Monday, March 31, 2008

Financial Optimism in the Face of Insanity

I have in the past week heard a little faint optimism. It makes me feel a little better then my brain kicks in. An upside to all the financial mess is that more people are looking into it and more of it is being reported. When big companies and government are involved there are rules and practices that make no sense. Take these numbers with a few tons of salt, i don't have direct references. My recollection the Fed can loan money seven time actual money and banks only have to keep 16 to 20 cents on the dollar of money deposited. I understand the Fed lending more than they have, it keeps things growing, but seven times? Changing that ratio would give much more direct control that changing interest rates. As for the second ratio, shouldn't it be in line more with expected money on hand in the future, ie. profits of the company. Something along the lines of 30% cash and 30%+ in assets, i don't really know, but 16 cents of a dollar? yum salt good.

That said for what its worth I am sure most of the current problem would have been avoided if someone has passed a law or issued a guild line or rule that just said that banks couldn't lend more than 99% of the value of residential property. A 125% loan what? No one thought that was a bad idea. The real horror show of all this is that it will allow all sorts of new regulations and law. I am not for no regulation and not for increasing it every time there is a problem. Solutions, way over my head.

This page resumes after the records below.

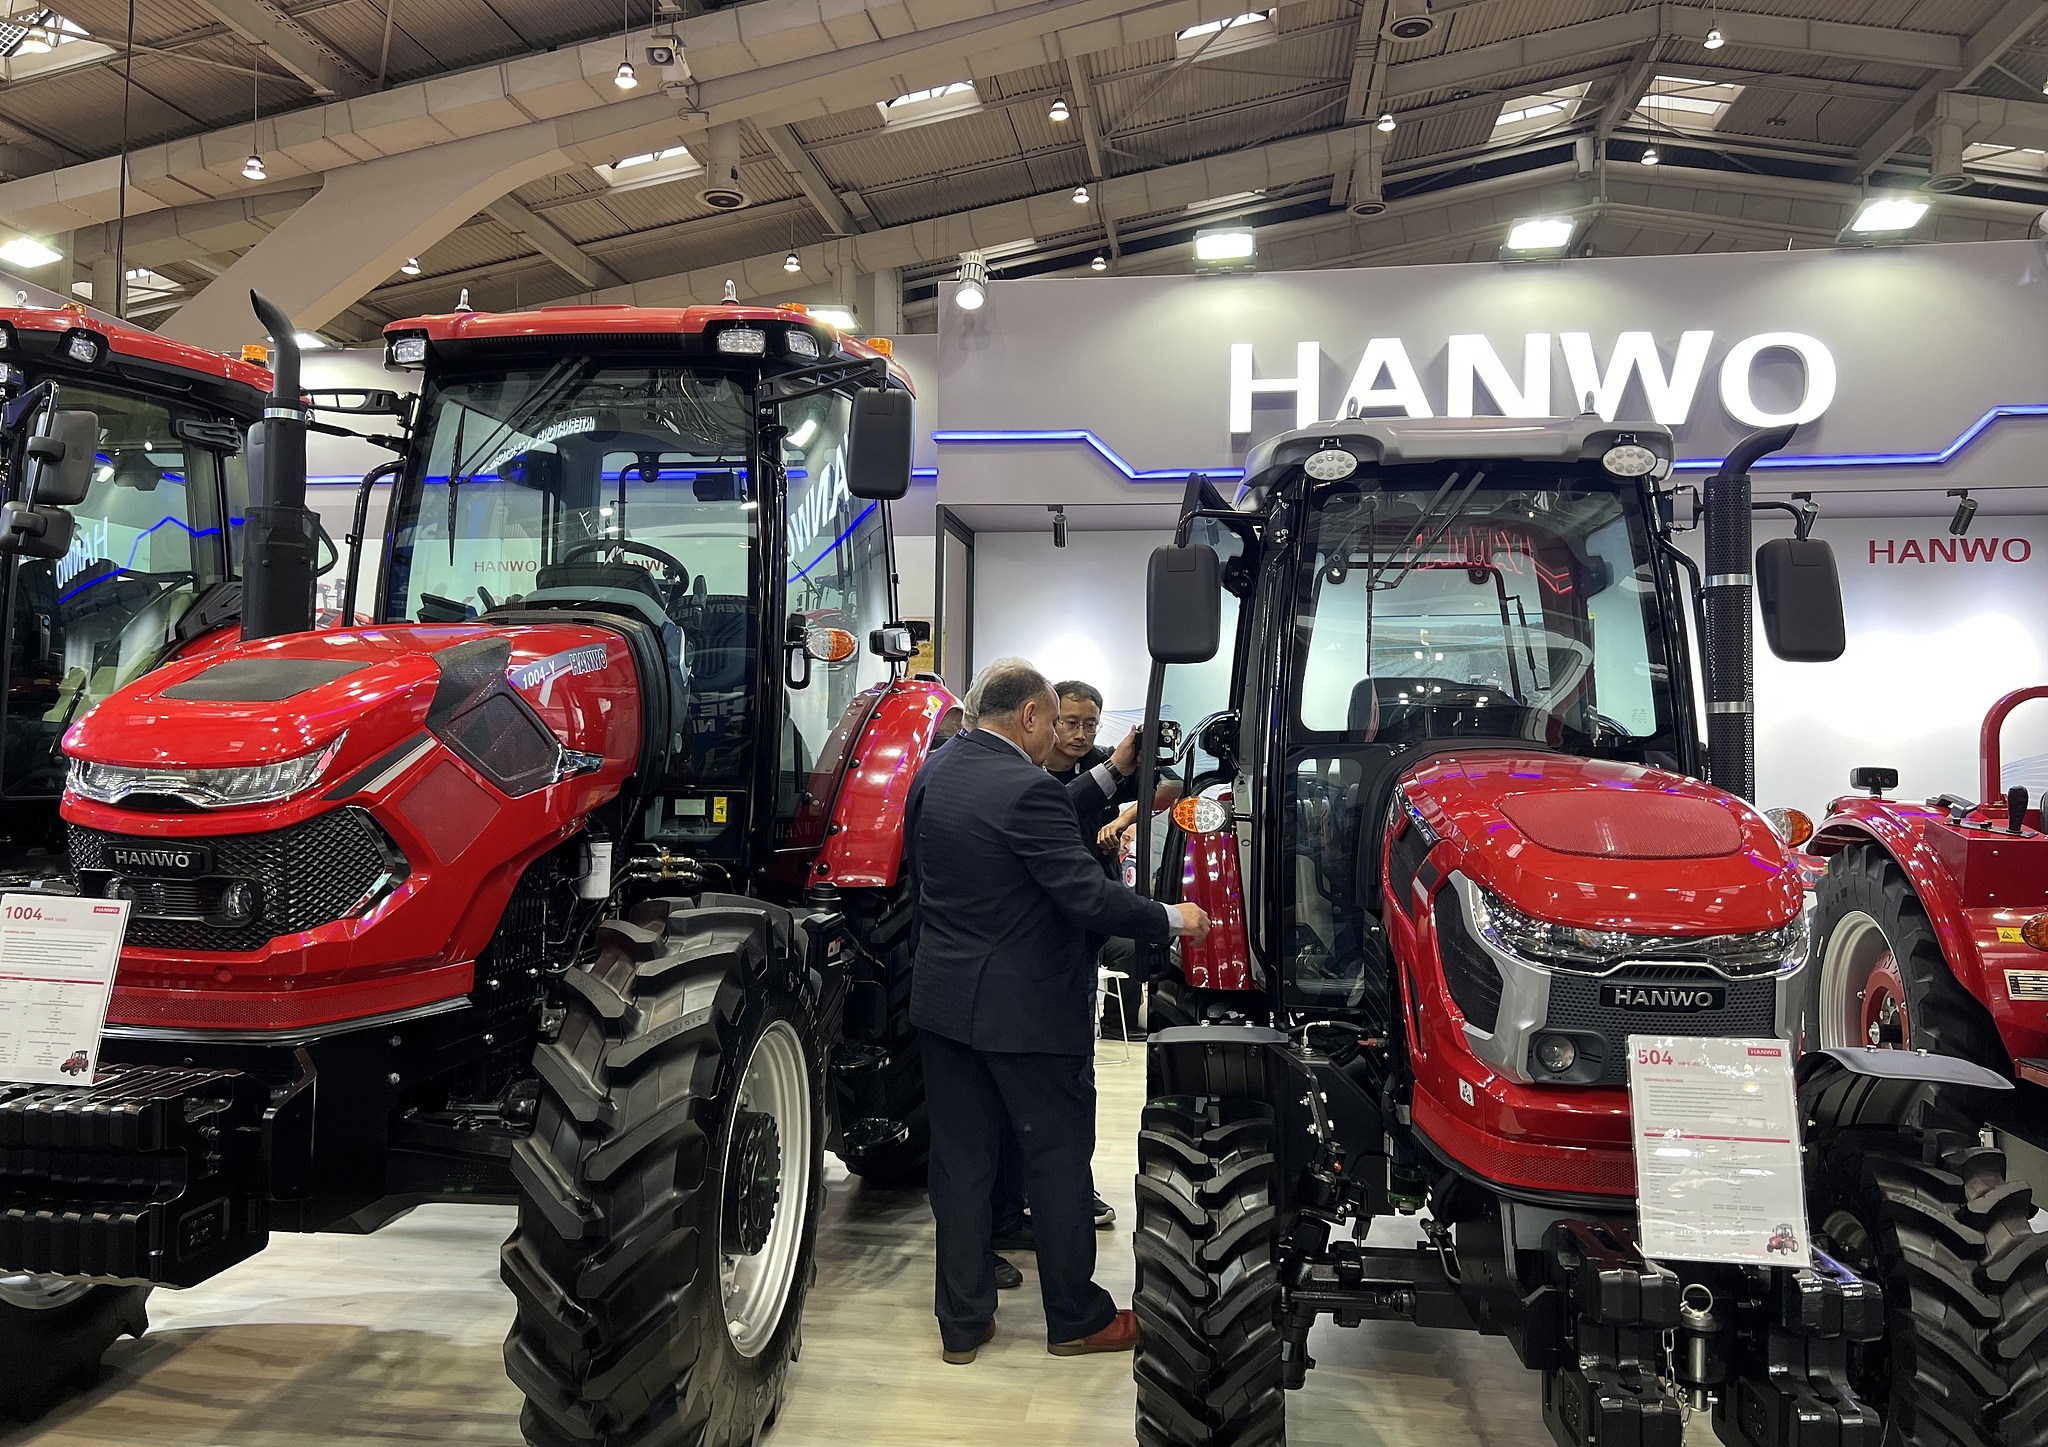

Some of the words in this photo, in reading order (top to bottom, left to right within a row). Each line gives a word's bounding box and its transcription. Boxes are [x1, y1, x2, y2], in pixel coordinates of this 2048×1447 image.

[1231, 330, 1837, 434] HANWO
[1868, 538, 2032, 564] HANWO
[474, 560, 537, 573] HANWO
[522, 660, 555, 690] 1004-Y
[568, 647, 608, 676] HANWO
[115, 850, 190, 868] HANWO
[5, 906, 42, 921] 1004
[1614, 989, 1713, 1007] HANWO
[1638, 1049, 1674, 1066] 504

The original article tends to disappear. This from Centerfield
The Economist this week published an article suggesting that serious overleverage is afoot. Leverage is the ratio of loans to capital at hand. If it's too big, it's hard to resist financial trouble. The article's freely available to nonsubscribers, so far. They give numbers that suggest Merrill is 50:1, and Goldman is 28:1. Note, an earlier Econ article had the now-deceased Bear-Sterns at roughly 30:1. This article talks about some of Bear's problems in some detail.

Doesn't allow much movement, but if the loans are solid and transparent it should make little difference. When your offering 100% loans like their water and your just getting cliff notes on bundles of loans not so good. Look at it this way 100:2, 100:3.6, 100:3.3 so if the value of the loans decreases by 2-3.6% you have no cash left and everyone is trying to sell to cover the dept.


The Dilbert Strategy Form The NYT op-ed points to Bush lack of regulation. I agree that the
Bear Stearns of the world need some regulations, there are a lot of pensions tied up in them, but let's not go overboard. The typical reshuffling won't due, but the current thinking only allows that or massive government interference, not the smart streamline of regulation thats really needed.